La faute intentionnelle du dirigeant n'est pas assurable
Civ. 2e, 14 juin 2012, pourvoi n°11-17367
Les faits
La société Marionnaud, qui avait assuré ses dirigeants et mandataires sociaux en cas de « faute professionnelle, réelle ou alléguée, commise dans l'exercice de leur fonction », sollicite la garantie de l'assureur à la suite de la condamnation de son directeur général par l'Autorité des marchés financiers (AMF) et par le juge correctionnel pour « diffusion d'informations fausses ou trompeuses ». La garantie a été étendue aux amendes et/ou pénalités civiles.

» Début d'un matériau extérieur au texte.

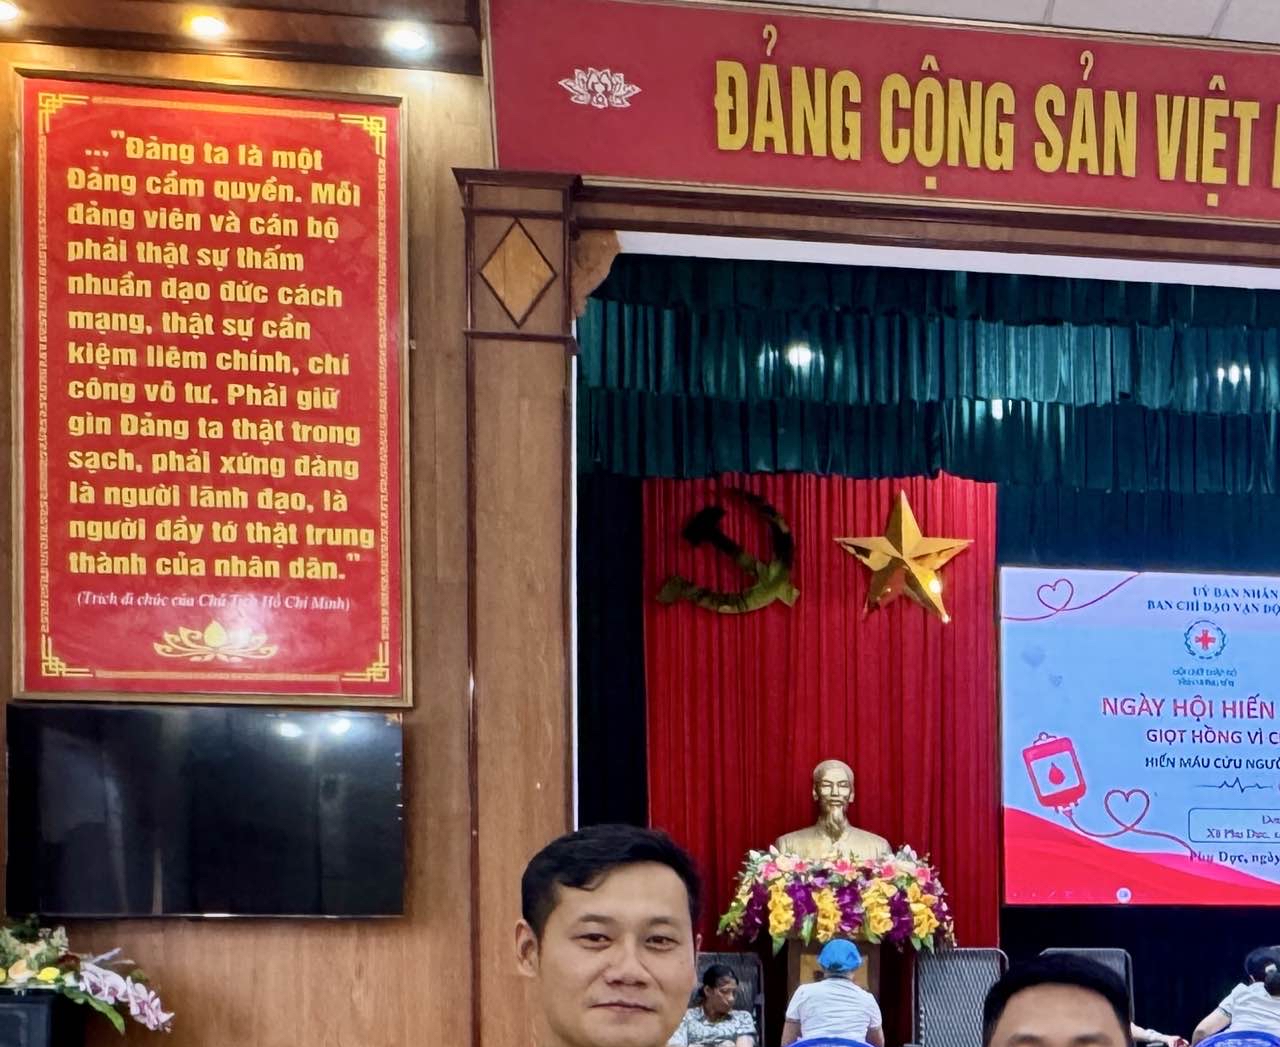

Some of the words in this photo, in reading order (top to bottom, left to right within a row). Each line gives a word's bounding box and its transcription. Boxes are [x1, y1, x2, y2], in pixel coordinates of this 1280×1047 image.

[715, 24, 861, 161] ĐẢNG
[881, 53, 1014, 190] CỘNG
[1035, 50, 1136, 178] SẢN
[1156, 75, 1259, 206] VIỆT
[203, 142, 229, 165] ta
[238, 143, 263, 166] là
[272, 148, 322, 174] một
[67, 167, 136, 195] Đảng
[68, 201, 134, 229] đảng
[144, 208, 200, 231] viên
[210, 211, 240, 234] và
[250, 214, 298, 237] cán
[308, 216, 339, 243] bộ
[68, 239, 126, 263] phải
[136, 242, 189, 270] thật
[197, 247, 229, 272] sự
[237, 245, 303, 271] thấm
[162, 278, 210, 304] đạo
[220, 280, 268, 303] đức
[278, 283, 342, 308] cách
[69, 310, 152, 334] mạng,
[162, 311, 214, 339] thật
[223, 317, 254, 341] sự
[69, 342, 137, 370] kiệm
[147, 345, 206, 370] liêm
[216, 350, 299, 375] chính,
[309, 352, 349, 375] chí
[69, 377, 135, 404] công
[144, 381, 175, 402] vô
[185, 383, 218, 404] tư.
[228, 383, 286, 406] Phải
[297, 387, 340, 410] giữ
[69, 412, 111, 437] gìn
[121, 412, 189, 440] Đảng
[198, 418, 223, 439] ta
[232, 418, 283, 445] thật
[291, 421, 360, 447] trong
[68, 449, 142, 474] sạch,
[152, 448, 210, 474] phải
[220, 453, 285, 478] xứng
[70, 481, 94, 503] là
[105, 484, 180, 508] người
[191, 486, 248, 509] lãnh
[258, 488, 314, 514] đạo,
[324, 489, 347, 512] là
[70, 518, 145, 541] người
[212, 521, 238, 542] tớ
[246, 522, 298, 549] thật
[306, 524, 374, 549] trung
[69, 551, 146, 575] thành
[156, 551, 205, 577] của
[215, 556, 280, 578] nhân
[1102, 693, 1165, 717] NGÀY
[1173, 695, 1213, 722] HỘI
[1222, 693, 1274, 719] HIẾN
[1147, 729, 1186, 745] GIỌT
[1192, 724, 1242, 744] HỒNG
[1248, 728, 1262, 744] VÌ
[1145, 753, 1175, 768] HIẾN
[1180, 755, 1210, 769] MÁU
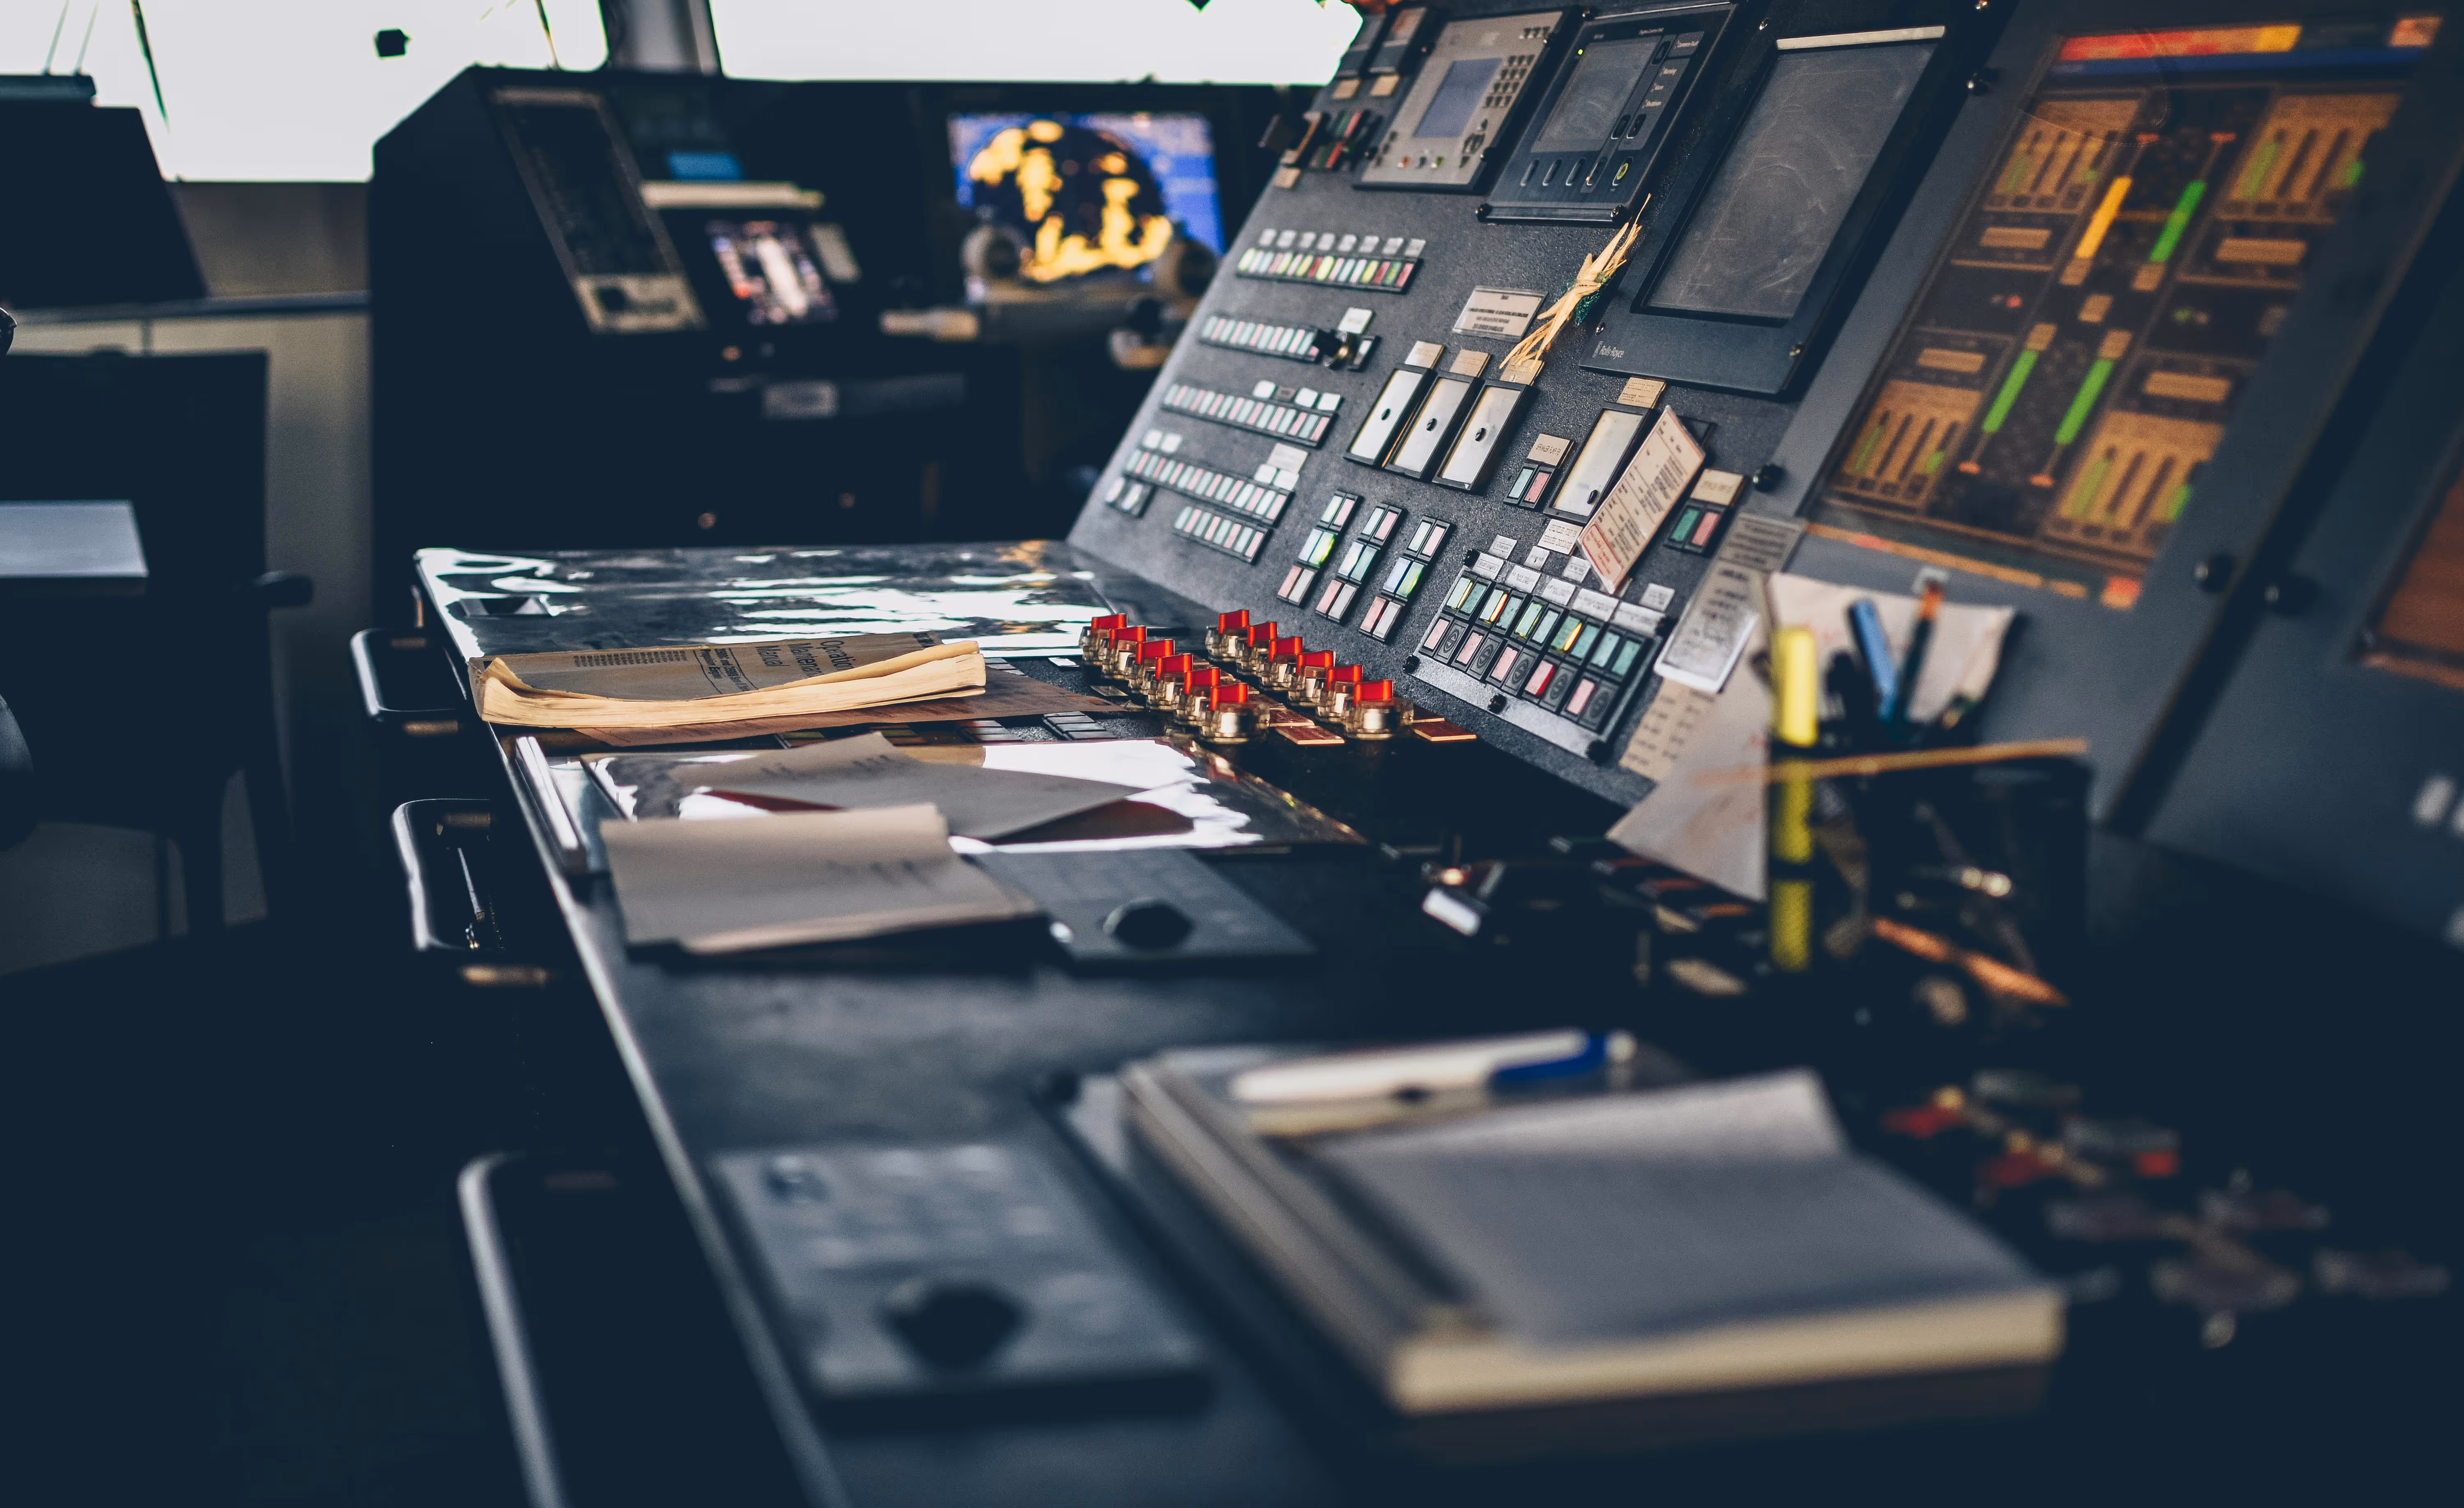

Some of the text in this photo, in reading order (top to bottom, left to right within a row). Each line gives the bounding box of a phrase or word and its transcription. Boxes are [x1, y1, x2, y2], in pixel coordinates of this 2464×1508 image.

[756, 645, 790, 666] Manual
[788, 643, 823, 677] Maintenan
[816, 640, 856, 671] Operation

Reprochant au directeur d'avoir agi intentionnellement, l'assureur refuse de prendre en charge les condamnations (400 000 € d'amende) prononcées à son encontre. L'assuré saisit le juge.
La décision
La cour d'appel de Paris rejette la demande, relevant que le directeur a eu la volonté « non pas de se voir sanctionner, mais de parvenir à tromper le public sur la situation de la société afin de mieux en négocier la cession, qu'il ne s'agit ni d'une faute d'inattention ni de négligence, ni d'une erreur de fait, mais de l'expression consciente d'une volonté délibérée de fournir au public des informations propres à modifier l'appréhension de la situation financière de la société, de valider des opérations qu'il savait illégales ». La Cour de cassation approuve : « Une faute intentionnelle est incompatible avec l'aléa, excluant la garantie de l'assureur. »
Commentaire
Le contrat d'assurance responsabilité civile des dirigeants ne peut pas couvrir la faute intentionnelle de l'assuré. Cet arrêt vise l'article L. 113-3 du code des assurances selon lequel « l'assureur ne répond pas des pertes et dommages provenant d'une faute intentionnelle ou dolosive de l'assuré ».